## The problem
Beginning with the line that has "this 1440×1080 image.", please write out the remaining lines of the material exactly, the last one included.

## Supplied records
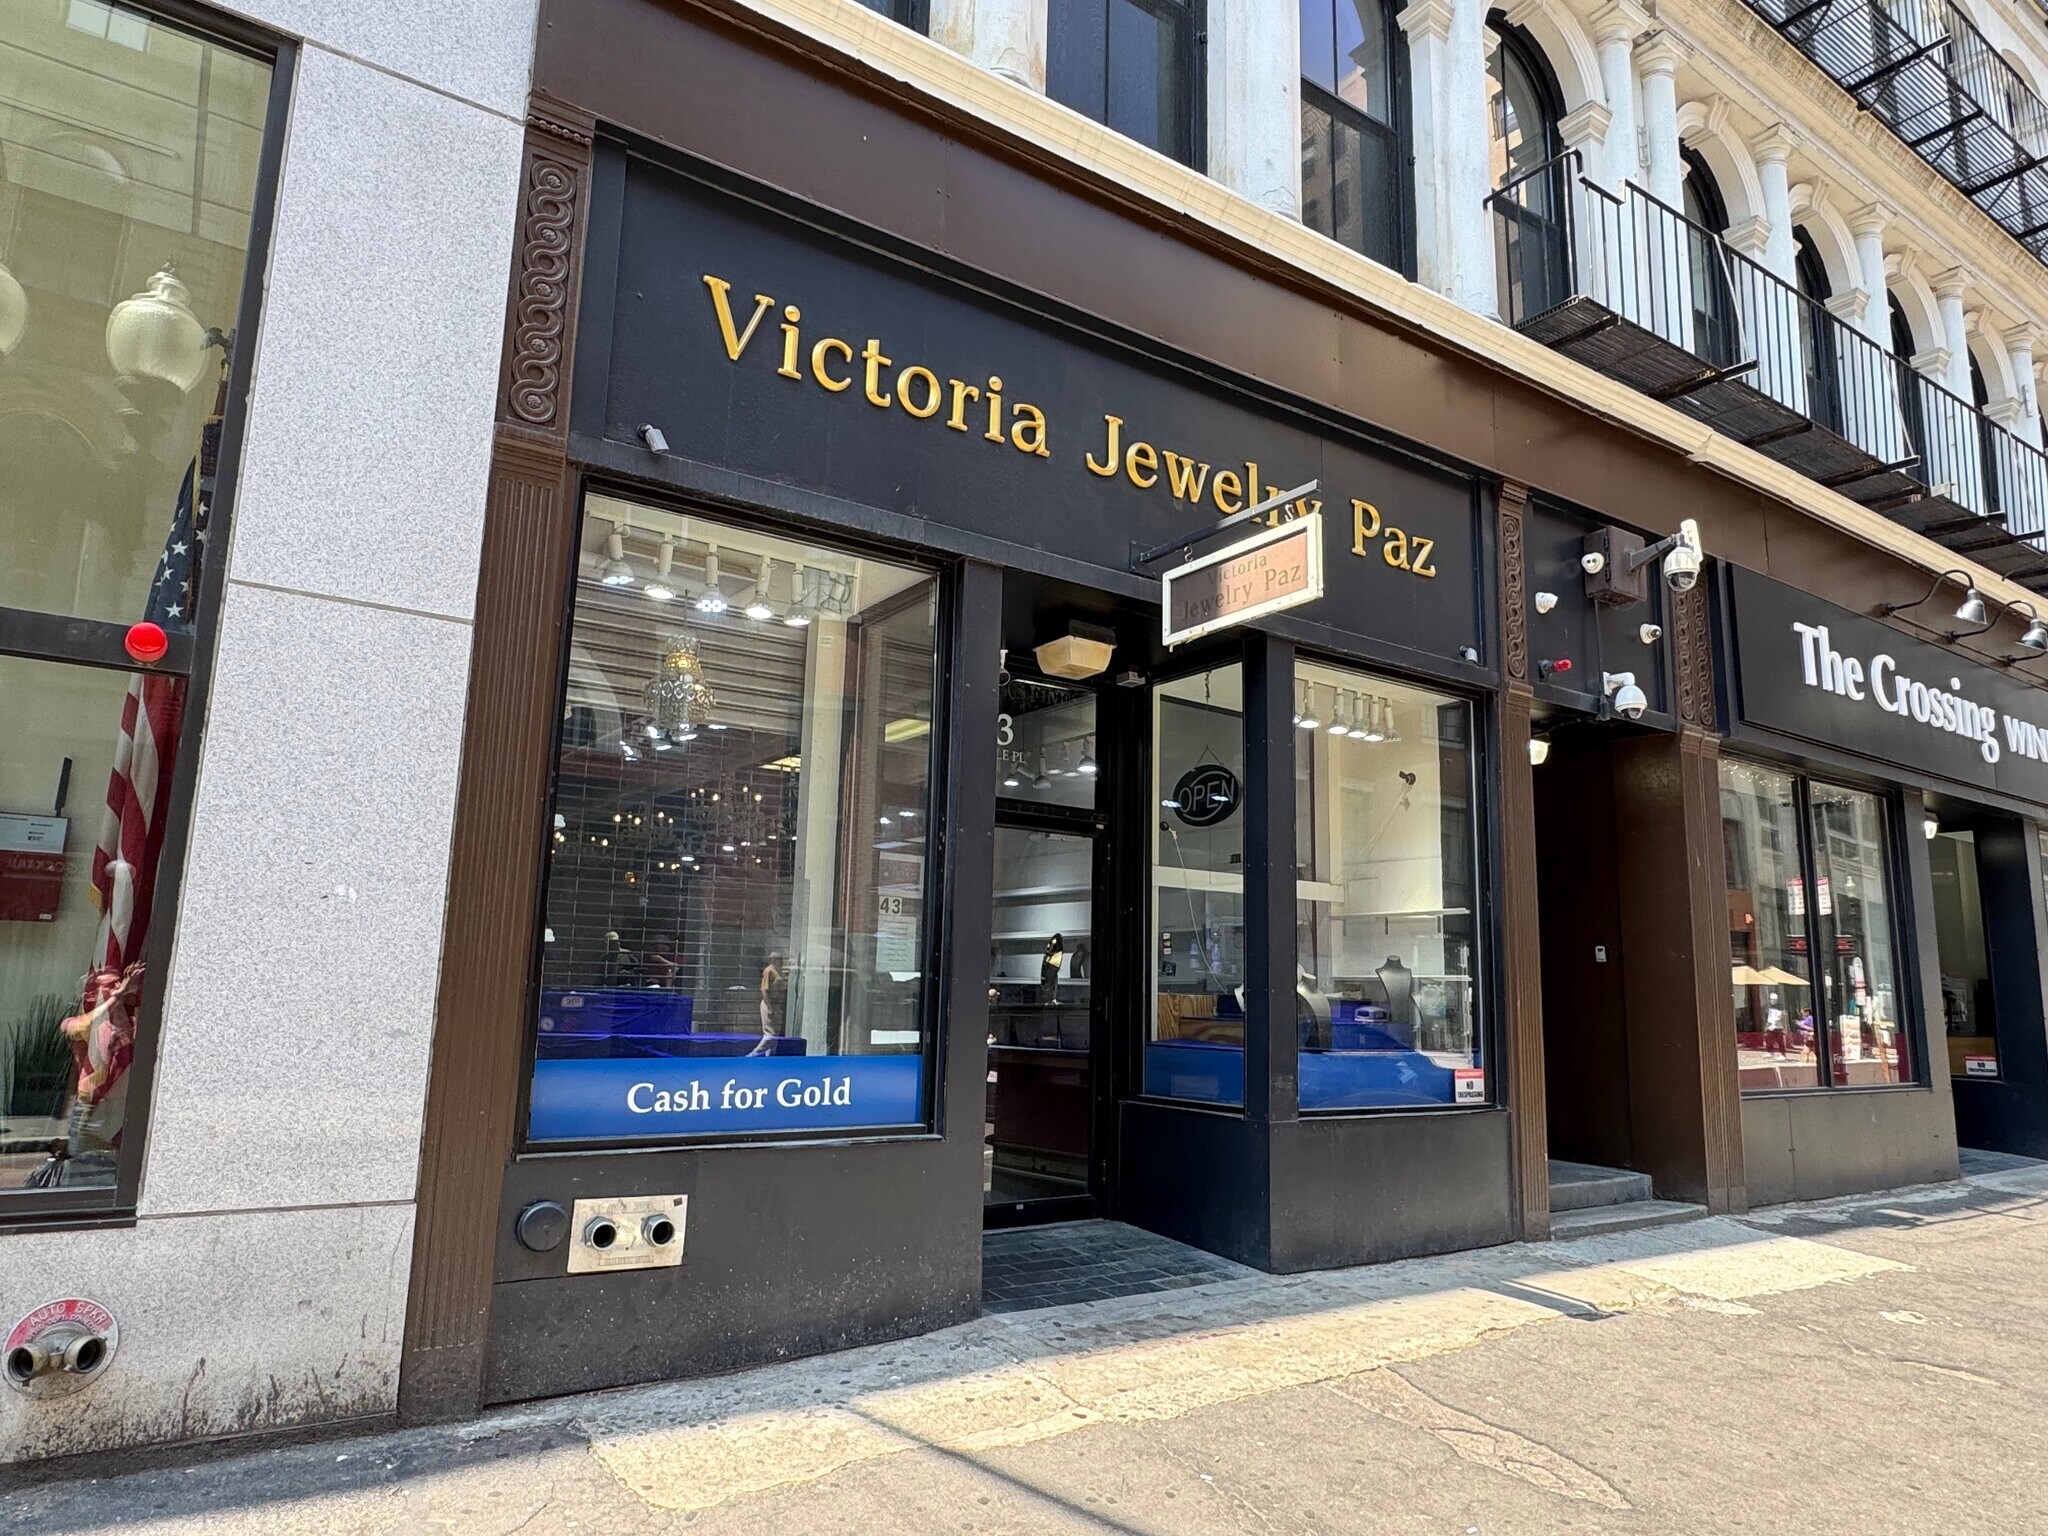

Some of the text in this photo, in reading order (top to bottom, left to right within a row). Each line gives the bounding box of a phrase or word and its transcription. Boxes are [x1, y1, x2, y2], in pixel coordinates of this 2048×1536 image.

[703, 275, 1050, 457] Victoria
[1351, 499, 1437, 577] Paz
[1207, 554, 1267, 584] Victoria
[1184, 565, 1301, 619] Jewelry Paz
[1793, 622, 1865, 700] The
[1871, 654, 2000, 763] Crossing
[1179, 778, 1235, 812] OPEN
[880, 897, 901, 915] 43
[627, 1077, 852, 1113] Cash for Gold
[29, 1303, 66, 1326] AUTO
[75, 1302, 107, 1326] SPKR
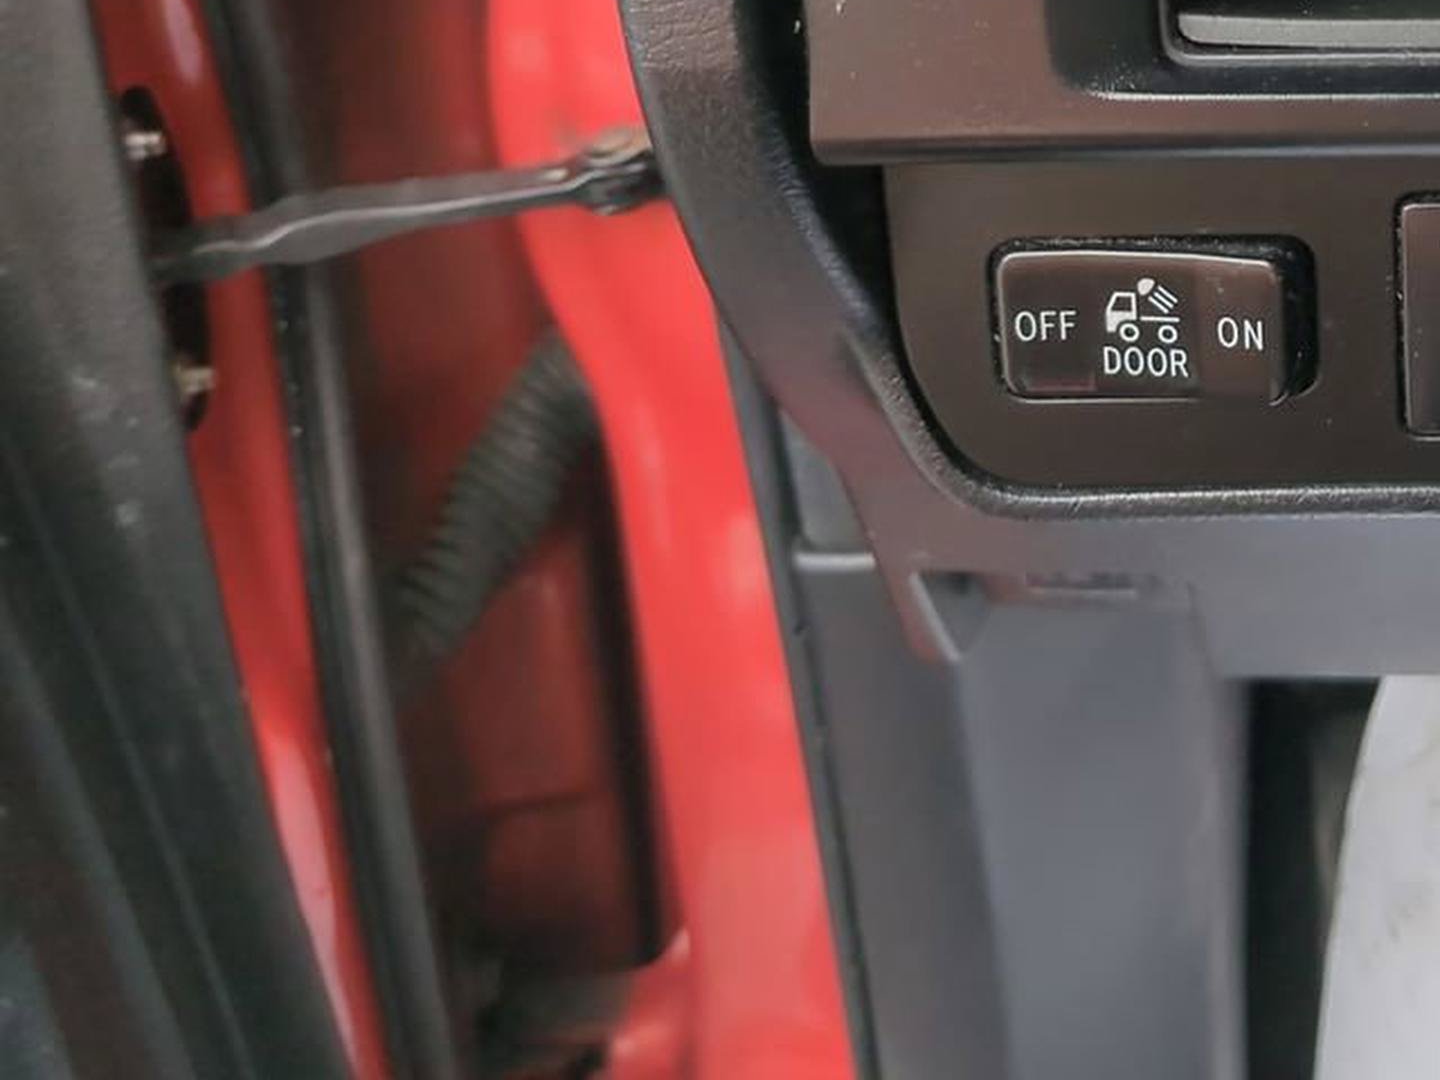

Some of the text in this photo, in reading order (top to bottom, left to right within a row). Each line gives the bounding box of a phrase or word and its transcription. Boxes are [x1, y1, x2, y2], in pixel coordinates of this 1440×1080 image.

[1014, 310, 1077, 342] OFF
[1216, 316, 1264, 351] ON
[1102, 345, 1189, 378] DOOR

## Task solution
Some of the text in this photo, in reading order (top to bottom, left to right within a row). Each line gives the bounding box of a phrase or word and its transcription. Boxes are [x1, y1, x2, y2], in pixel coordinates of this 1440×1080 image.

[1014, 310, 1077, 342] OFF
[1216, 316, 1264, 351] ON
[1102, 345, 1189, 378] DOOR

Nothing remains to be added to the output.